Homilette for Monday, October 27, 2008

Monday of the Thirtieth Week in Ordinary Time

(Luke 13:10-17)

The way we talk about each of the four evangelists may make some think that we know well who they were. However, we actually have little hard evidence about any gospel writer. None of them puts his (or, who really knows, her) name on the work. We depend on secondary sources writing decades later to identify these writers. The author of the third gospel is no exception. Although this gospel begins with a personal anecdote, only second century witnesses tell us that he is Luke, whom the Letter to the Colossians calls the “beloved physician.”

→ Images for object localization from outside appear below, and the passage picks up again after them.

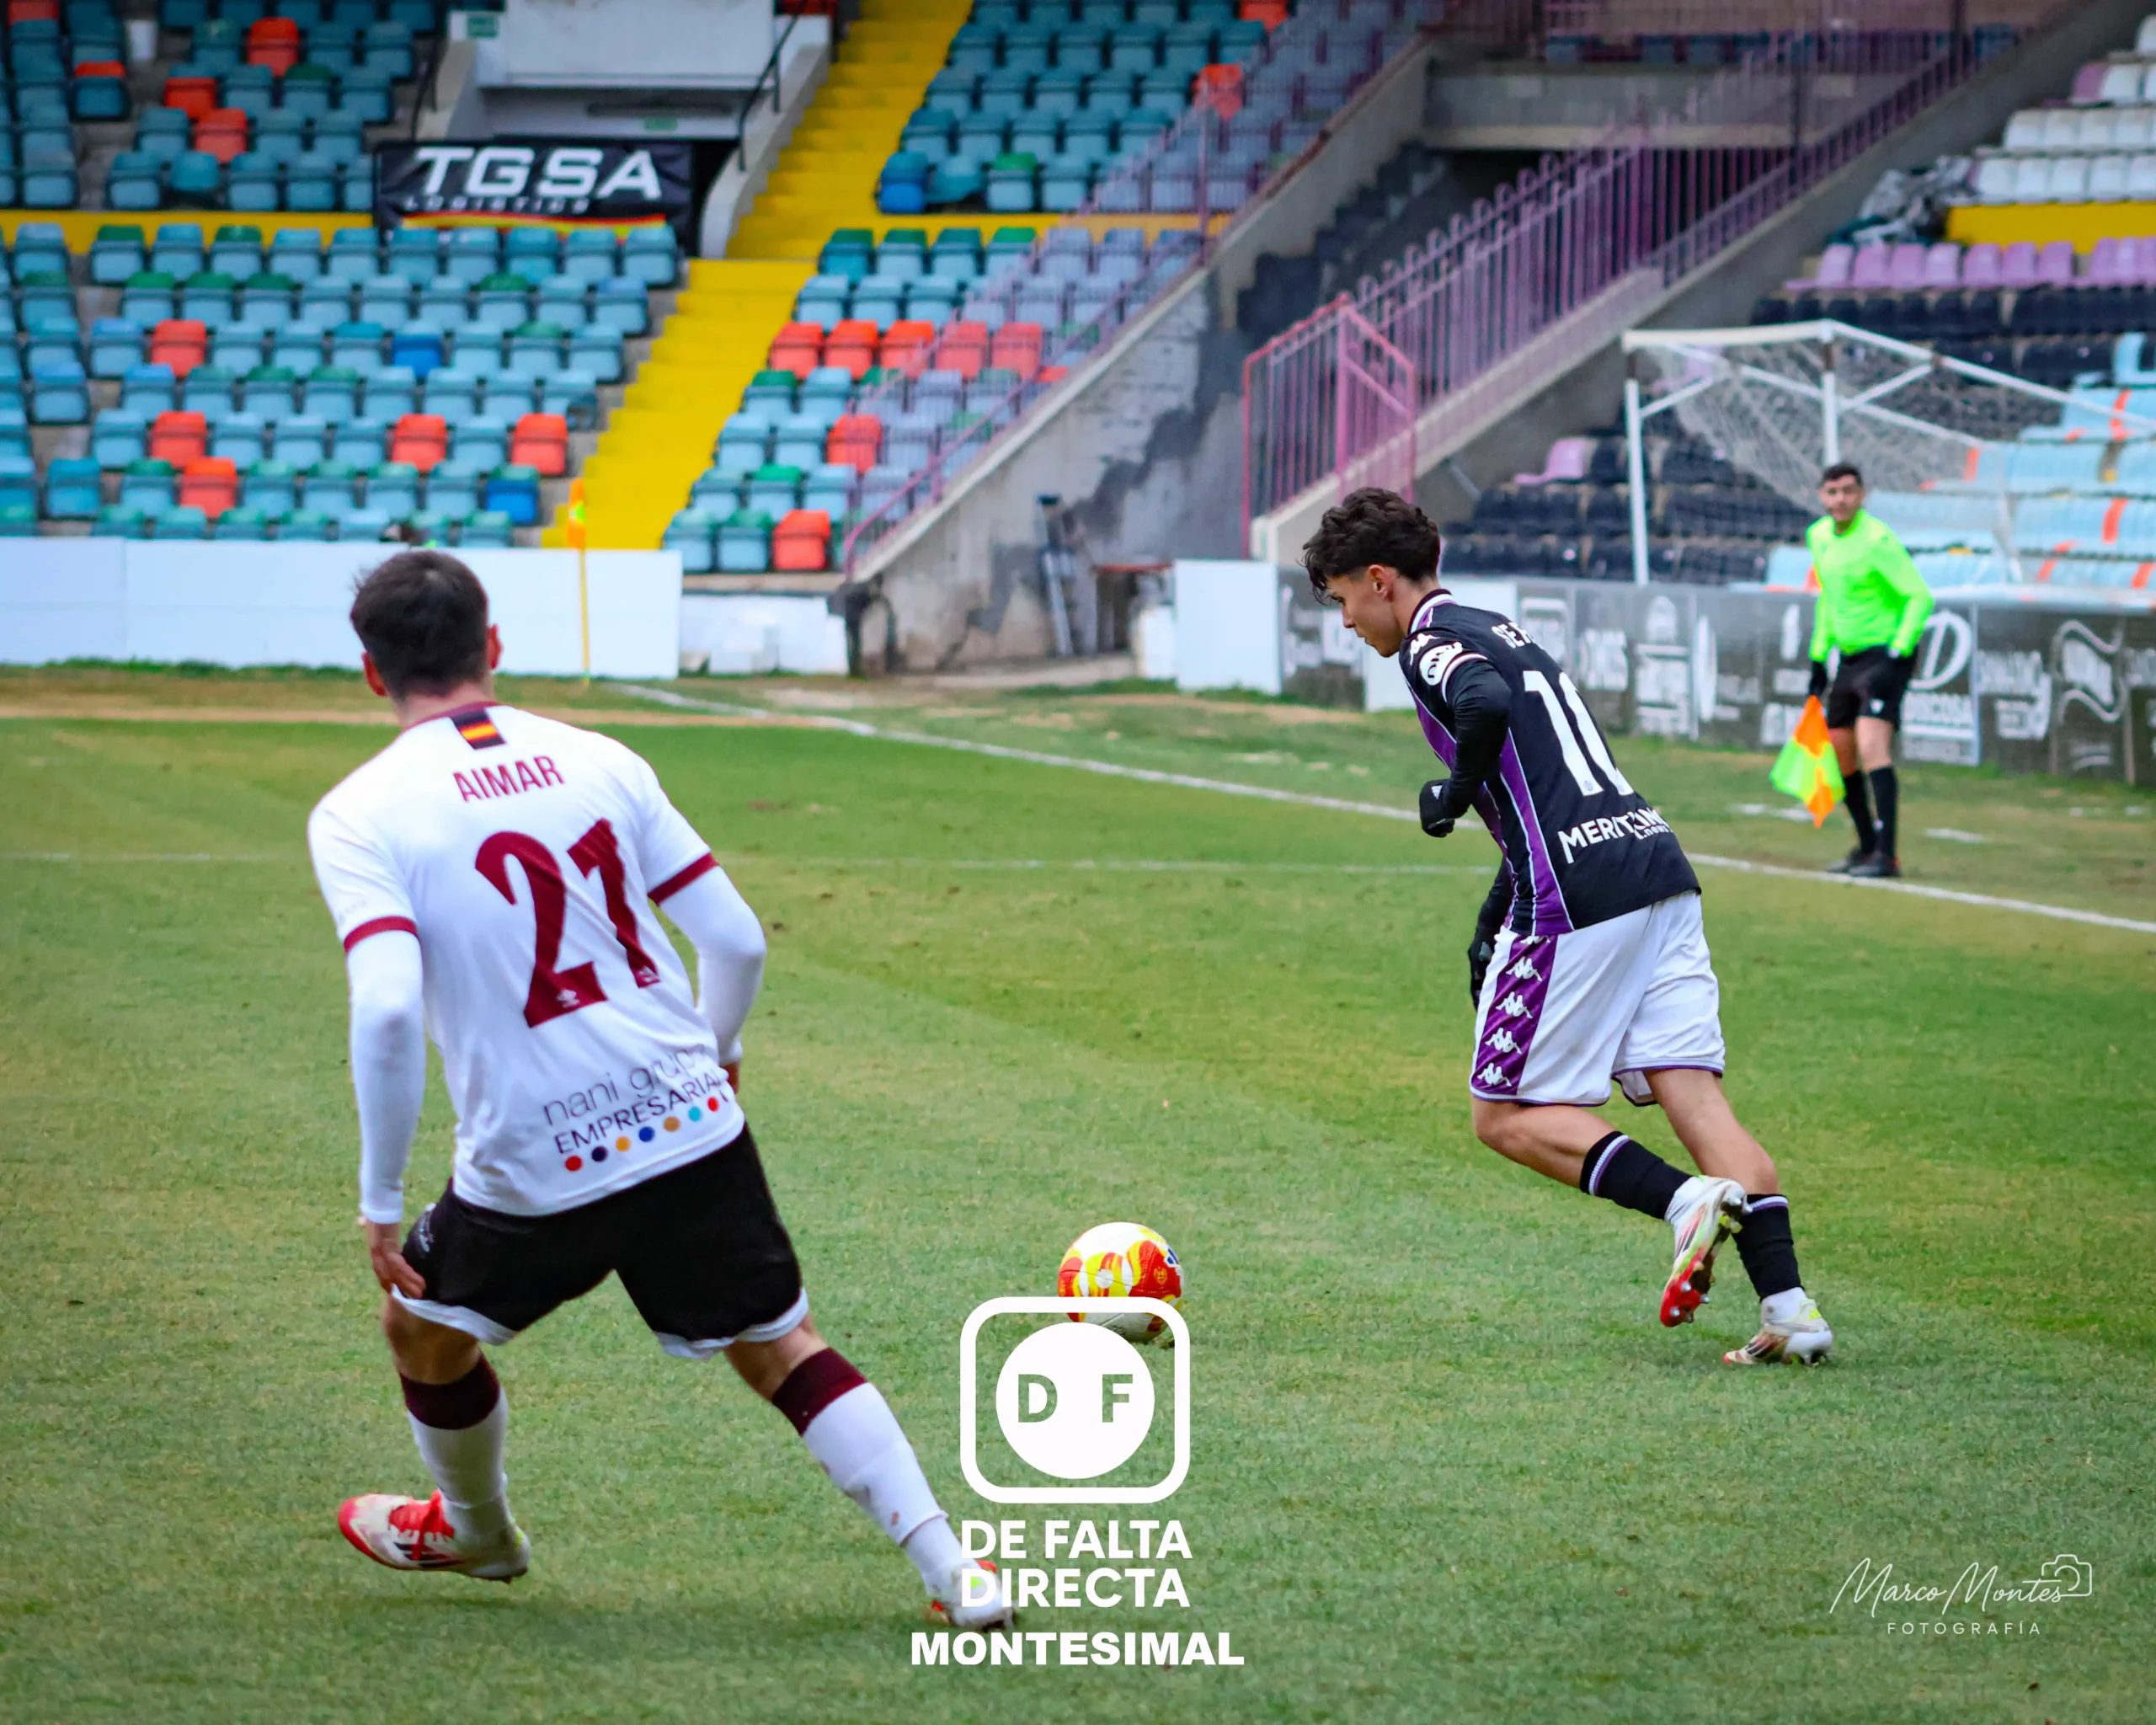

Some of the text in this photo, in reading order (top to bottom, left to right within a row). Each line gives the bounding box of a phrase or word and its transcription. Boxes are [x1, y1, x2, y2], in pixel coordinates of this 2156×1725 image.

[415, 147, 663, 200] TGSA
[452, 755, 565, 803] AIMAR
[475, 817, 661, 1028] 21
[543, 1071, 620, 1126] nani
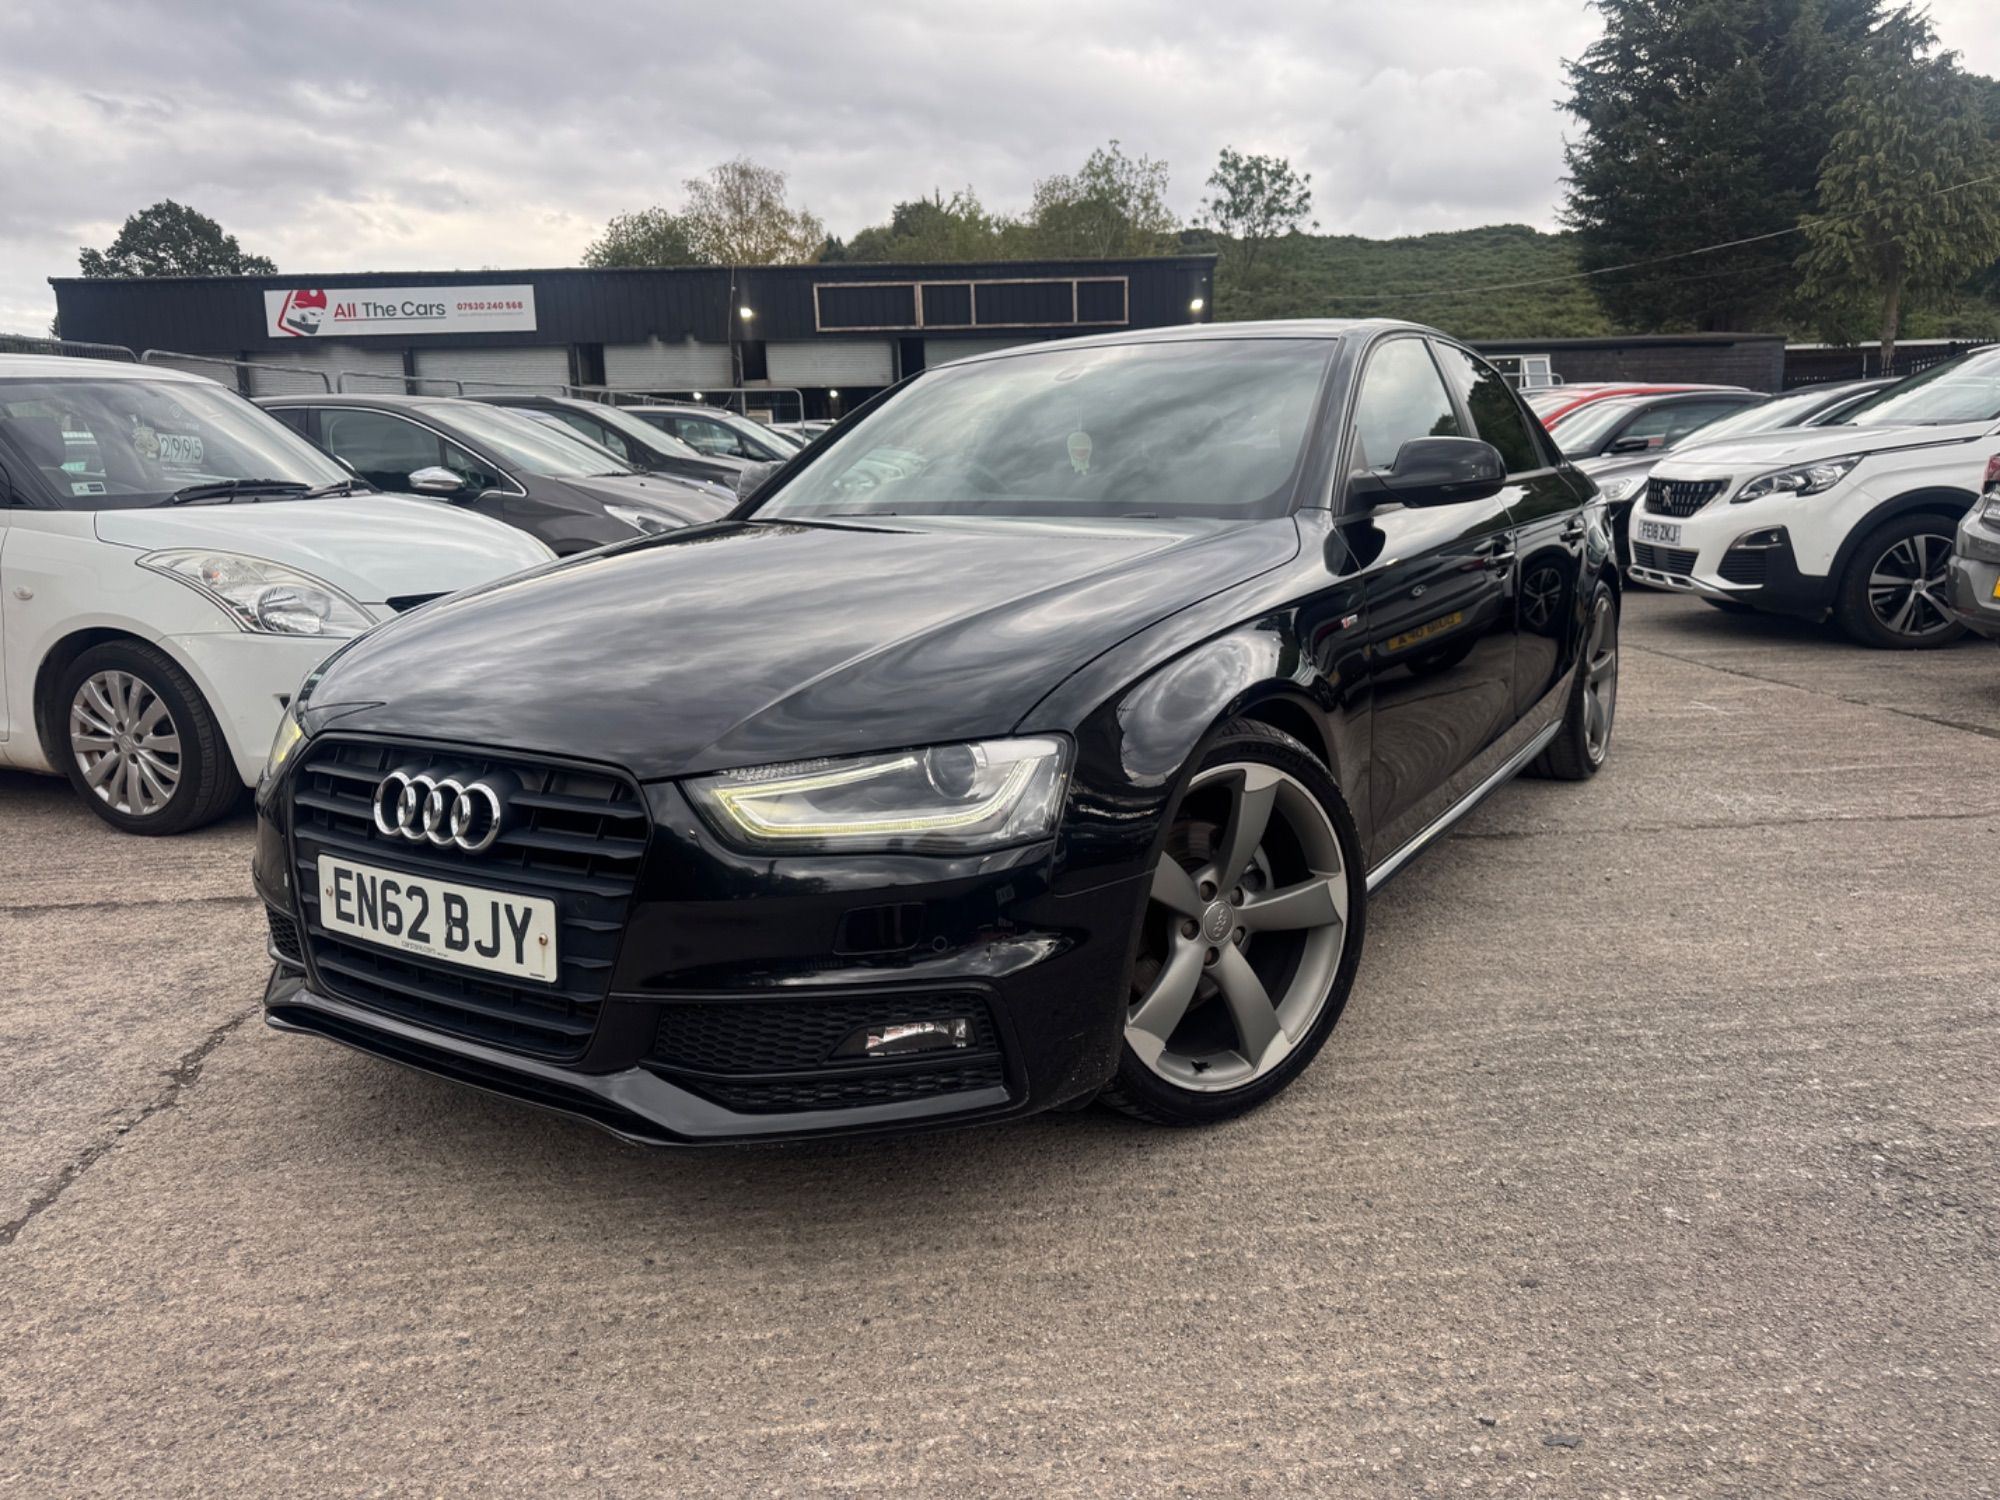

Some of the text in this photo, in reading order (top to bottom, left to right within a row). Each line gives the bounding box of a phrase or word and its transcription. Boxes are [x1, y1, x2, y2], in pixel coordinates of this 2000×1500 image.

[334, 301, 446, 318] All The Cars
[486, 302, 504, 310] 240
[160, 436, 202, 460] 2995
[1660, 524, 1677, 542] ZKJ
[333, 866, 533, 965] EN62 BJY
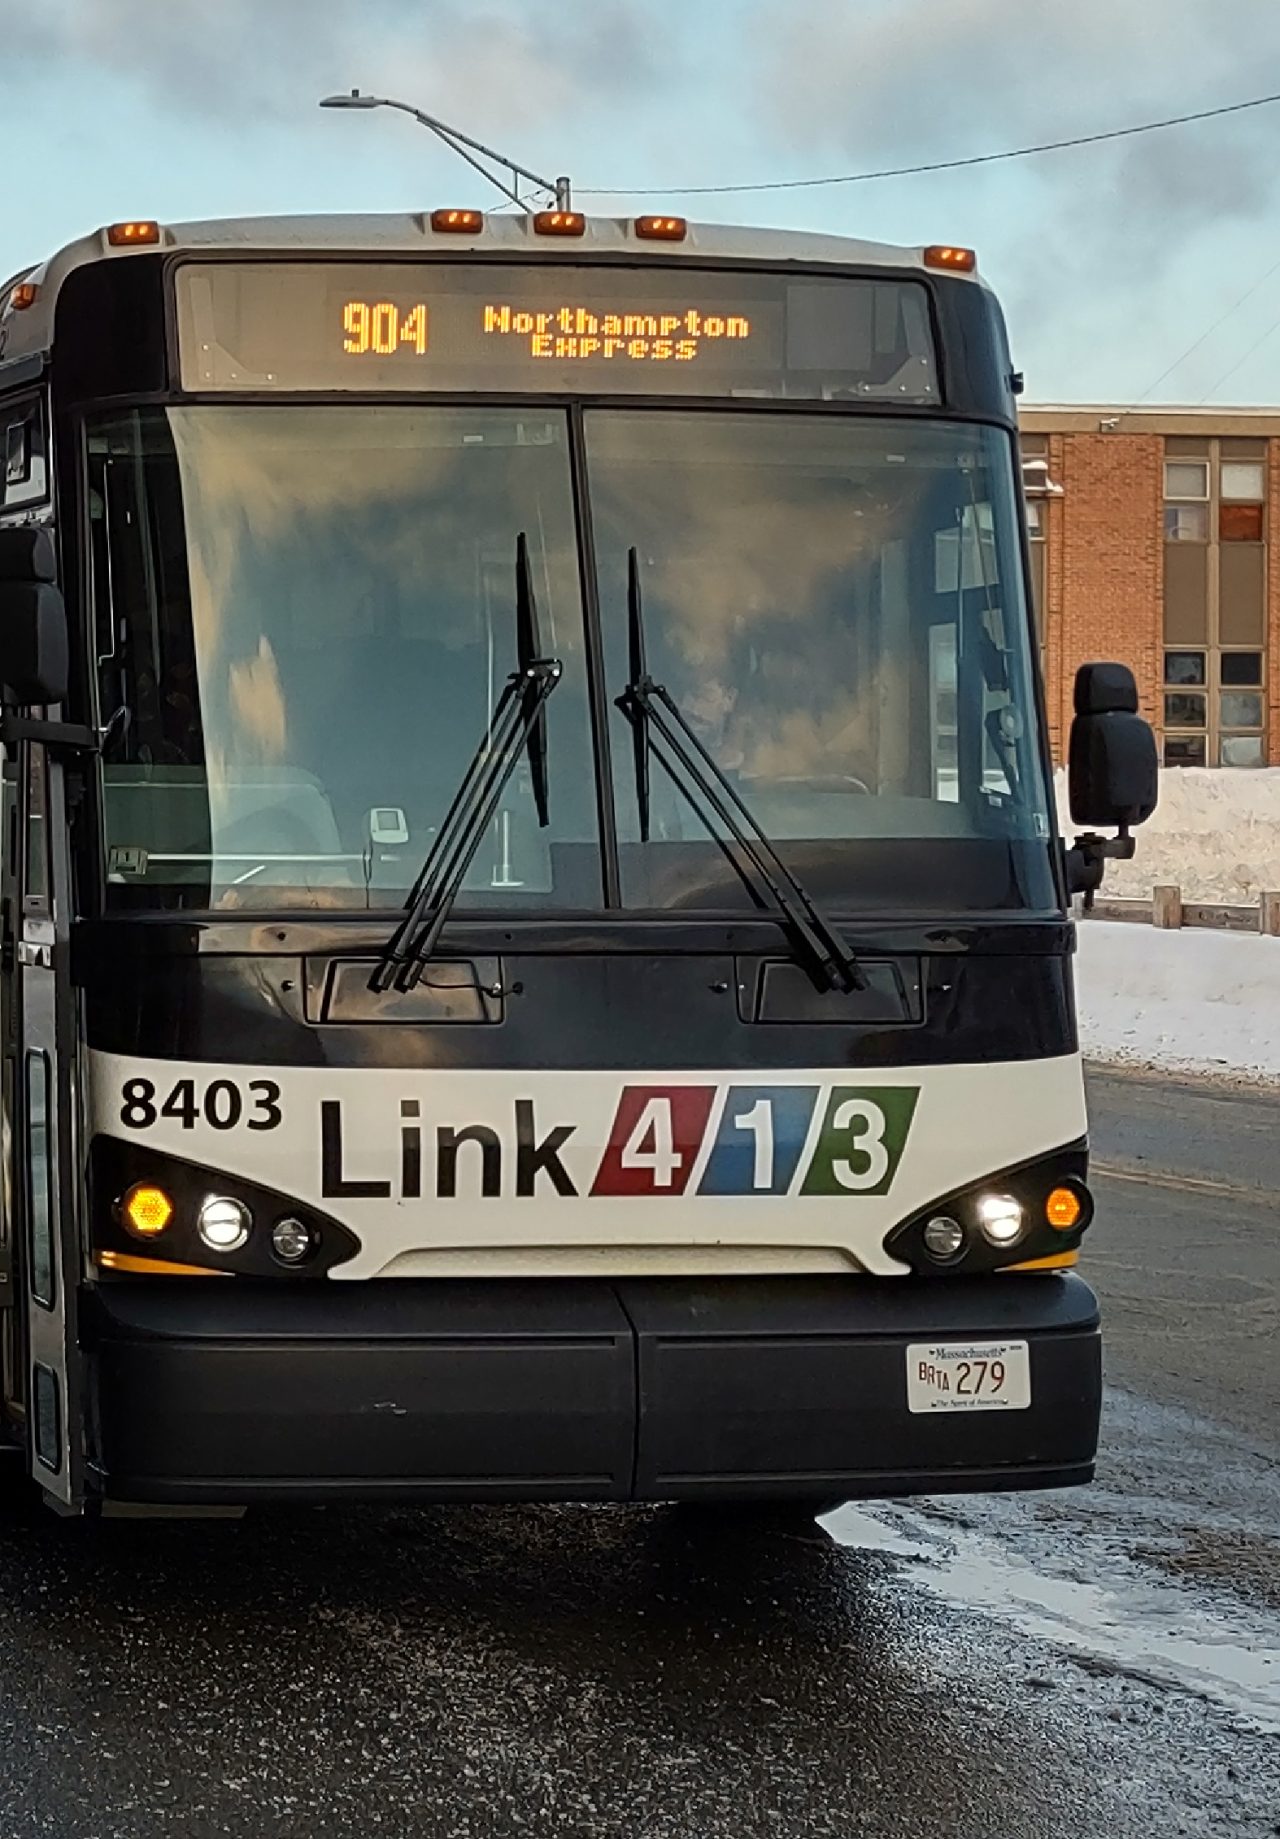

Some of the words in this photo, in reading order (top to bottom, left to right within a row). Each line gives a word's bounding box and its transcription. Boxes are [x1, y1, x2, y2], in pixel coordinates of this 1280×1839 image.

It is interesting to note that Luke can be critical of physicians but is harder on lawyers. Earlier in the gospel Luke tells of another woman with a debilitating hemorrhage whom Jesus heals. Unlike Mark writing of the same incident, Luke does not mention (at least as recorded in some ancient manuscripts) that the woman spent a small fortune on doctors. More significantly, Luke presents Jesus as the original “beloved physician” of body and soul. In the passage today Jesus gently removes the burden that has had a woman bent over for eighteen years. Not gently, but equally remarkably, he opens the eyes of the synagogue official, a lawyer of sorts quoting the law. Jesus explains to him the fact that his interpretation of the Law is punitive not life-giving.